Task directions: Exactly as given, write out all the entries again.

Collected data:

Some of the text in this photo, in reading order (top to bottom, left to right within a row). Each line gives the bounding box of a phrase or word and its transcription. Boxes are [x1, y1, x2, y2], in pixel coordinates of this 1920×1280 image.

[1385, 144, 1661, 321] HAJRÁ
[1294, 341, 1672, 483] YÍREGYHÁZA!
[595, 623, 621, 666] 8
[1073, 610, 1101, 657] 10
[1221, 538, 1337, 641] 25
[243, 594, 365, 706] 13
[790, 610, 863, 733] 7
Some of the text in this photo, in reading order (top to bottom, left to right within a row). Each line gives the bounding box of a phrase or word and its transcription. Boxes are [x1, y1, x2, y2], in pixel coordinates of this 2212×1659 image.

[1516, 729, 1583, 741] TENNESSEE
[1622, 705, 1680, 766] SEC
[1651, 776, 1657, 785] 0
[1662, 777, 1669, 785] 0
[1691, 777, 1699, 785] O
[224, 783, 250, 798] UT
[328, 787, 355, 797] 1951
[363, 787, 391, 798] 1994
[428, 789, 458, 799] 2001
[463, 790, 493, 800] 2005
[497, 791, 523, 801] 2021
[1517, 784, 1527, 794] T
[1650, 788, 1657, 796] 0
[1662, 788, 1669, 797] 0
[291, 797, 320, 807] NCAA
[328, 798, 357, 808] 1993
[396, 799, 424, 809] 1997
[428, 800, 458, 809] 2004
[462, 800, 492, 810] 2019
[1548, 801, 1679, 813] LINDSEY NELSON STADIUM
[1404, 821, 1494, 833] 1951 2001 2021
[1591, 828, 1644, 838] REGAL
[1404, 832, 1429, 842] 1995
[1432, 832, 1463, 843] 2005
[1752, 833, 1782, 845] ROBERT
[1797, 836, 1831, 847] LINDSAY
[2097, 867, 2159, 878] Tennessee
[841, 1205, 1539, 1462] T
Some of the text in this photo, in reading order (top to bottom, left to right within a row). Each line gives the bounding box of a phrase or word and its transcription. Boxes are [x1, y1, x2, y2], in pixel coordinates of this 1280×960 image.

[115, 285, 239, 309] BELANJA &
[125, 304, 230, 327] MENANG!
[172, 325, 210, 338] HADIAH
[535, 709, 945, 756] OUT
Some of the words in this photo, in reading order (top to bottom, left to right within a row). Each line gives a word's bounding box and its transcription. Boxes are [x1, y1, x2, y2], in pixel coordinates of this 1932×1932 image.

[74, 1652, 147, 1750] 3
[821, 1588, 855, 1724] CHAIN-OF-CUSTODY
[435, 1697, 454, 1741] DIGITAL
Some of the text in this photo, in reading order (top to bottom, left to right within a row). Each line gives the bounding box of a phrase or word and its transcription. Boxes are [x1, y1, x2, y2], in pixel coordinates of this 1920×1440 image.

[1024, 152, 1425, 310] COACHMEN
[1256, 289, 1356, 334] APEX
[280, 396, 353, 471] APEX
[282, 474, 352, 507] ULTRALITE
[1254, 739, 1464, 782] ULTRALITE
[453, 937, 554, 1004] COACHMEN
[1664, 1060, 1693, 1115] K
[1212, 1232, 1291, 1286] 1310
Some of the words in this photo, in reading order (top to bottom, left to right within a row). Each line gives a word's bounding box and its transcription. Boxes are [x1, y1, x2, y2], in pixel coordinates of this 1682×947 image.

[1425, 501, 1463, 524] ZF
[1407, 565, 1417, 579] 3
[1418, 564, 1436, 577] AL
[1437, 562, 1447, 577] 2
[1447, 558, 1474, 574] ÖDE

Your response:
Some of the text in this photo, in reading order (top to bottom, left to right within a row). Each line gives the bounding box of a phrase or word and its transcription. Boxes are [x1, y1, x2, y2], in pixel coordinates of this 1920×1280 image.

[1385, 144, 1661, 321] HAJRÁ
[1294, 341, 1672, 483] YÍREGYHÁZA!
[595, 623, 621, 666] 8
[1073, 610, 1101, 657] 10
[1221, 538, 1337, 641] 25
[243, 594, 365, 706] 13
[790, 610, 863, 733] 7
Some of the text in this photo, in reading order (top to bottom, left to right within a row). Each line gives the bounding box of a phrase or word and its transcription. Boxes are [x1, y1, x2, y2], in pixel coordinates of this 2212×1659 image.

[1516, 729, 1583, 741] TENNESSEE
[1622, 705, 1680, 766] SEC
[1651, 776, 1657, 785] 0
[1662, 777, 1669, 785] 0
[1691, 777, 1699, 785] O
[224, 783, 250, 798] UT
[328, 787, 355, 797] 1951
[363, 787, 391, 798] 1994
[428, 789, 458, 799] 2001
[463, 790, 493, 800] 2005
[497, 791, 523, 801] 2021
[1517, 784, 1527, 794] T
[1650, 788, 1657, 796] 0
[1662, 788, 1669, 797] 0
[291, 797, 320, 807] NCAA
[328, 798, 357, 808] 1993
[396, 799, 424, 809] 1997
[428, 800, 458, 809] 2004
[462, 800, 492, 810] 2019
[1548, 801, 1679, 813] LINDSEY NELSON STADIUM
[1404, 821, 1494, 833] 1951 2001 2021
[1591, 828, 1644, 838] REGAL
[1404, 832, 1429, 842] 1995
[1432, 832, 1463, 843] 2005
[1752, 833, 1782, 845] ROBERT
[1797, 836, 1831, 847] LINDSAY
[2097, 867, 2159, 878] Tennessee
[841, 1205, 1539, 1462] T
Some of the text in this photo, in reading order (top to bottom, left to right within a row). Each line gives the bounding box of a phrase or word and its transcription. Boxes are [x1, y1, x2, y2], in pixel coordinates of this 1280×960 image.

[115, 285, 239, 309] BELANJA &
[125, 304, 230, 327] MENANG!
[172, 325, 210, 338] HADIAH
[535, 709, 945, 756] OUT
Some of the words in this photo, in reading order (top to bottom, left to right within a row). Each line gives a word's bounding box and its transcription. Boxes are [x1, y1, x2, y2], in pixel coordinates of this 1932×1932 image.

[74, 1652, 147, 1750] 3
[821, 1588, 855, 1724] CHAIN-OF-CUSTODY
[435, 1697, 454, 1741] DIGITAL
Some of the text in this photo, in reading order (top to bottom, left to right within a row). Each line gives the bounding box of a phrase or word and its transcription. Boxes are [x1, y1, x2, y2], in pixel coordinates of this 1920×1440 image.

[1024, 152, 1425, 310] COACHMEN
[1256, 289, 1356, 334] APEX
[280, 396, 353, 471] APEX
[282, 474, 352, 507] ULTRALITE
[1254, 739, 1464, 782] ULTRALITE
[453, 937, 554, 1004] COACHMEN
[1664, 1060, 1693, 1115] K
[1212, 1232, 1291, 1286] 1310
Some of the words in this photo, in reading order (top to bottom, left to right within a row). Each line gives a word's bounding box and its transcription. Boxes are [x1, y1, x2, y2], in pixel coordinates of this 1682×947 image.

[1425, 501, 1463, 524] ZF
[1407, 565, 1417, 579] 3
[1418, 564, 1436, 577] AL
[1437, 562, 1447, 577] 2
[1447, 558, 1474, 574] ÖDE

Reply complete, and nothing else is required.